A task force of around 100 Israeli commandos was dispatched to Entebbe Airport in transport aircraft. Driving a black Mercedes that resembled Ugandan president Idi Amin’s car and Land Rovers like those in Amin’s entourage, the commandos managed to get through the airport checkpoint with minimal incident. They then stormed into the airport terminal, successfully rescuing all but three hostages, killing all the terrorists, and destroying 30 fighter planes belonging to the Ugandan Air Force.

The commander of the assault team, Lt. Col. Yonatan Netanyahu, was the only Israeli fatality during the operation. International opinion was split, with the Arabic and communist world seeing the raid as an example of international aggression, whereas Western countries hailed it “an act of self defense.”

1. Operation Chavín de Huántar (Japanese Embassy Hostage Crisis) – 1996


Image Source

This 126-day siege began on December 17, 1996 when members of the Movimiento Revolucionario Túpac Amaru (MRTA), a Peruvian Marxist revolutionary group, stormed the residence of the Japanese ambassador in Lima and took hundreds of high-profile diplomats, officials and businesspeople hostage. The guerrillas issued a series of demands to the government of Peru, including reform of the country’s neoliberal economic policies and the release of comrades of theirs from Peruvian jails.

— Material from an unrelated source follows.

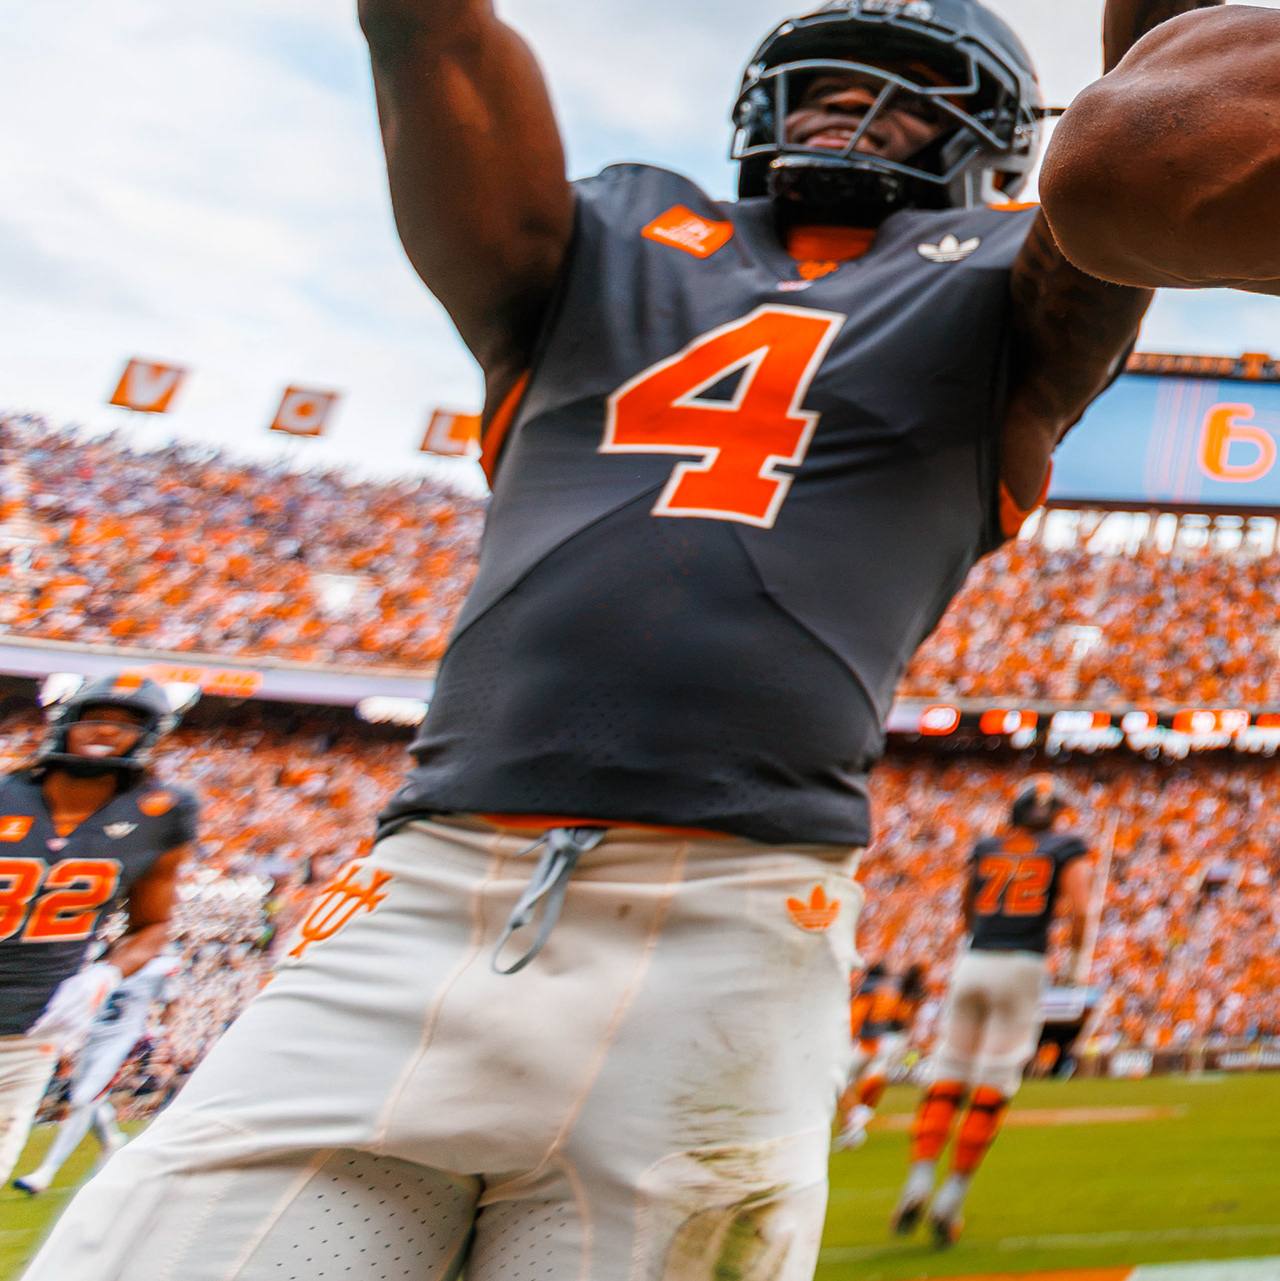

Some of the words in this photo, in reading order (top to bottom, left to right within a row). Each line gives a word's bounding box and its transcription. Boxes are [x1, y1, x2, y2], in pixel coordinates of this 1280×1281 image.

Negotiations between the two parties continued for several months, but in the meantime, Peruvian president Alberto Fujimori was secretly having a commando team trained to rescue the hostages. The mission was codenamed Operation Chavín de Huántar. In preparation for the attack, mini microphones and video recorders were sneaked in to the hostages. They were also smuggled light-colored clothing to distinguish them from the militants.

On April 22, 1997, more than four months after the takeover, 140 commandos charged into the residence with the help of well-placed explosive charges. All 14 MRTA members were killed, and all but one of the hostages were successfully rescued. Two Peruvian commandos were also killed in the attack.

The spectacular rescue was marred by reports that a number of the guerrillas had been executed after surrendering. Nevertheless, Fujimori was initially praised for the ruthless efficiency of the assault. His domestic approval ratings soared to 70 percent, and he was celebrated as a national hero.